• Data shown:
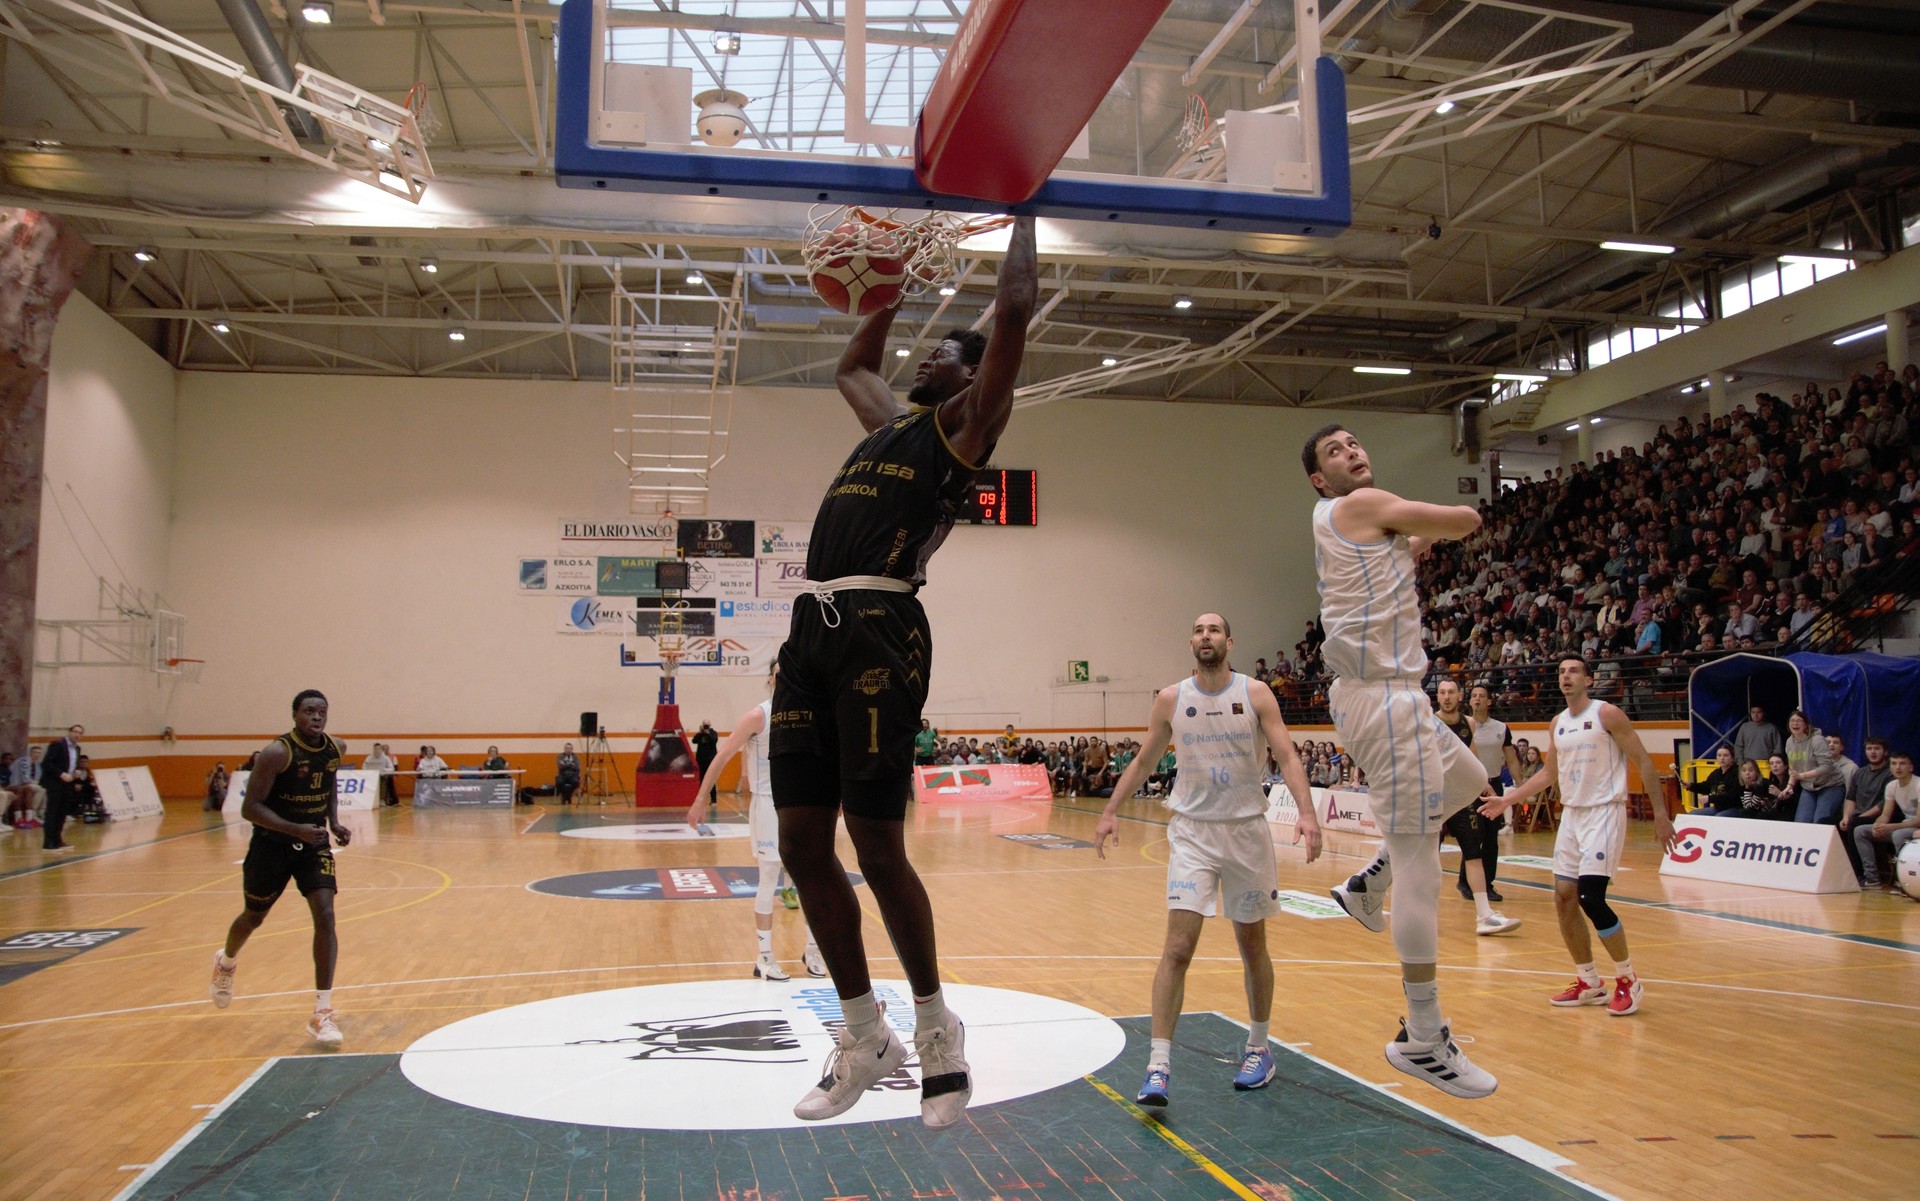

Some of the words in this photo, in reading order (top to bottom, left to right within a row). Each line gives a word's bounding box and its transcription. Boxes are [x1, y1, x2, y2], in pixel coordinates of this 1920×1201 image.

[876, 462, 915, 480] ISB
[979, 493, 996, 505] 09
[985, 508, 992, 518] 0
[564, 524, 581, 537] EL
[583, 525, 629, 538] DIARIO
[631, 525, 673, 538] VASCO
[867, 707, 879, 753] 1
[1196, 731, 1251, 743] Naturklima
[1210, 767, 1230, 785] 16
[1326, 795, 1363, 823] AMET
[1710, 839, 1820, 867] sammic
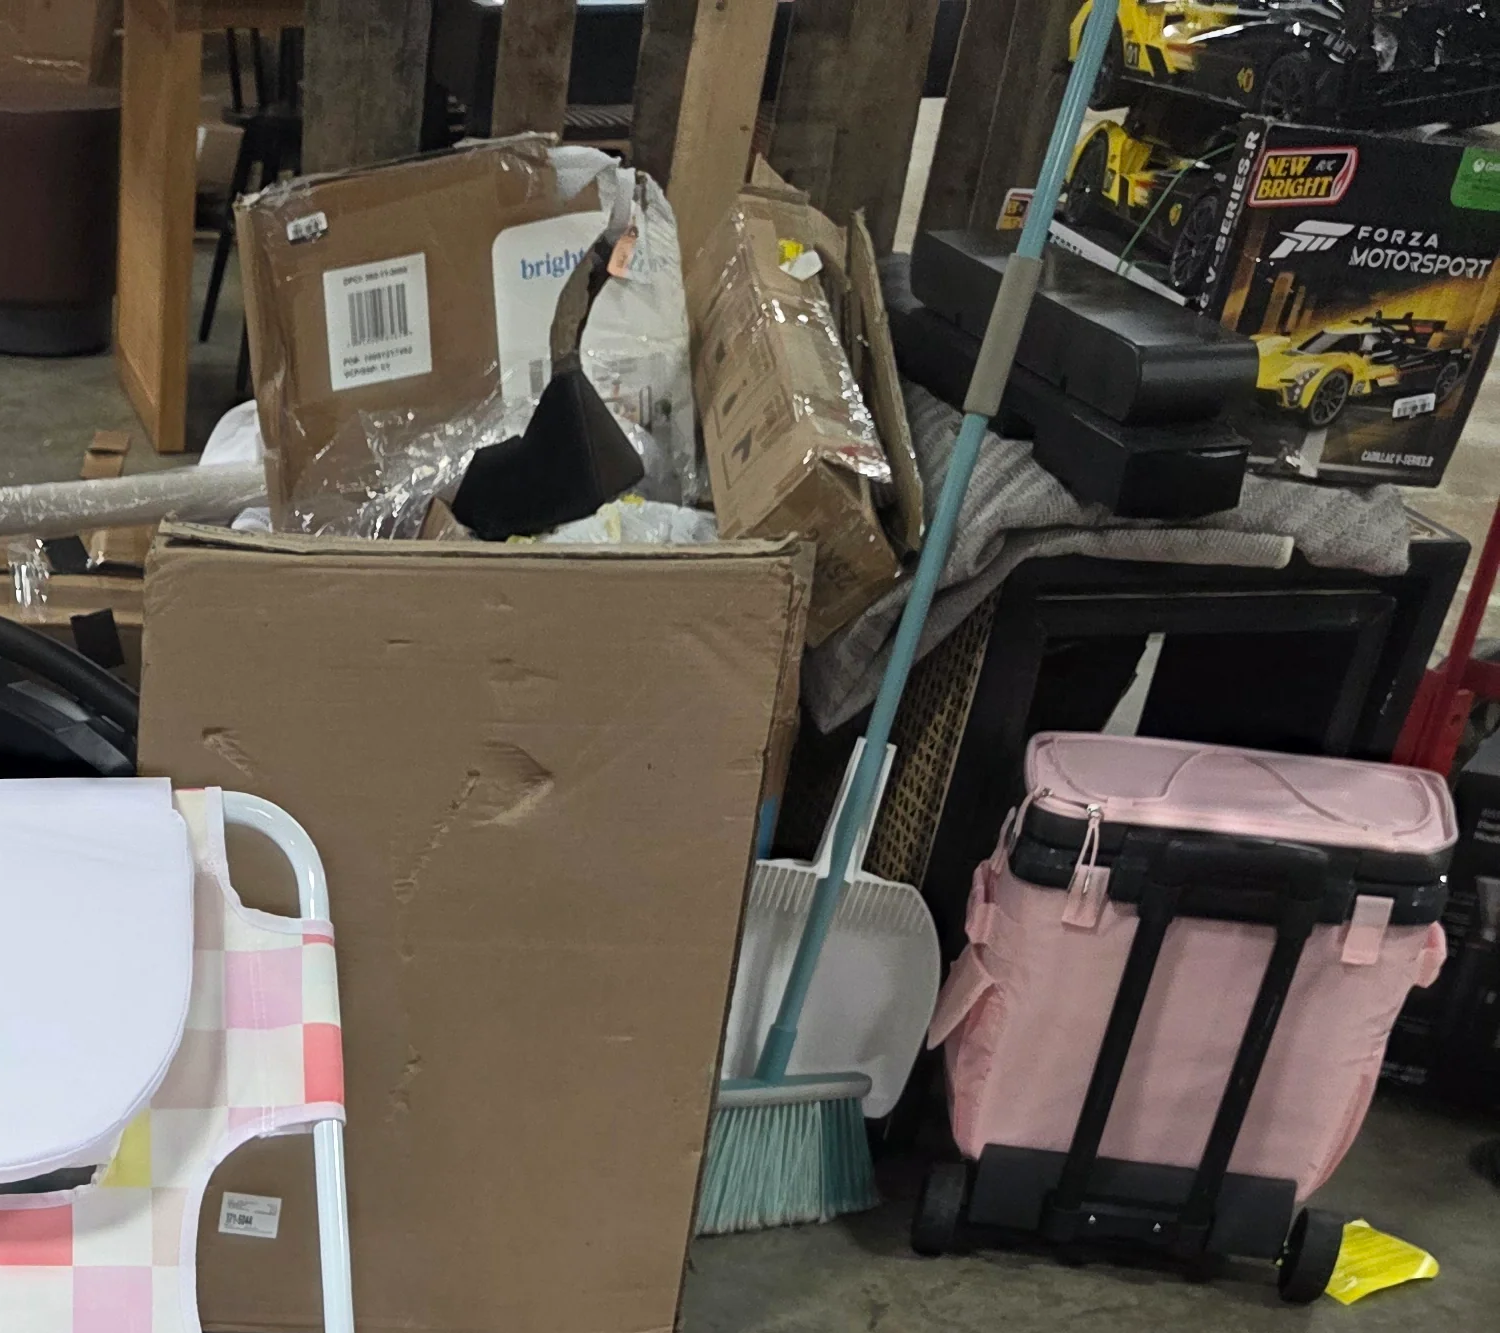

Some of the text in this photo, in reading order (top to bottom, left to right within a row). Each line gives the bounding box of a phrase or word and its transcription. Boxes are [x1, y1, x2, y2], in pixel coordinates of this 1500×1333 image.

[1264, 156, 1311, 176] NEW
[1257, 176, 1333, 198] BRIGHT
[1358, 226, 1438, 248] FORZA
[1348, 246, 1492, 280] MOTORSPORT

• Required work:
Nothing but an exact transcription of the material, without pictures, should be returned.

• Result of this exercise:
Some of the words in this photo, in reading order (top to bottom, left to right within a row). Each line gives a word's bounding box and its transcription. Boxes are [x1, y1, x2, y2], in pixel coordinates of this 1920×1201 image.

[876, 462, 915, 480] ISB
[979, 493, 996, 505] 09
[985, 508, 992, 518] 0
[564, 524, 581, 537] EL
[583, 525, 629, 538] DIARIO
[631, 525, 673, 538] VASCO
[867, 707, 879, 753] 1
[1196, 731, 1251, 743] Naturklima
[1210, 767, 1230, 785] 16
[1326, 795, 1363, 823] AMET
[1710, 839, 1820, 867] sammic

Some of the text in this photo, in reading order (top to bottom, left to right within a row). Each line gives the bounding box of a phrase or word and its transcription. Boxes are [x1, y1, x2, y2], in pixel coordinates of this 1500×1333 image.

[1264, 156, 1311, 176] NEW
[1257, 176, 1333, 198] BRIGHT
[1358, 226, 1438, 248] FORZA
[1348, 246, 1492, 280] MOTORSPORT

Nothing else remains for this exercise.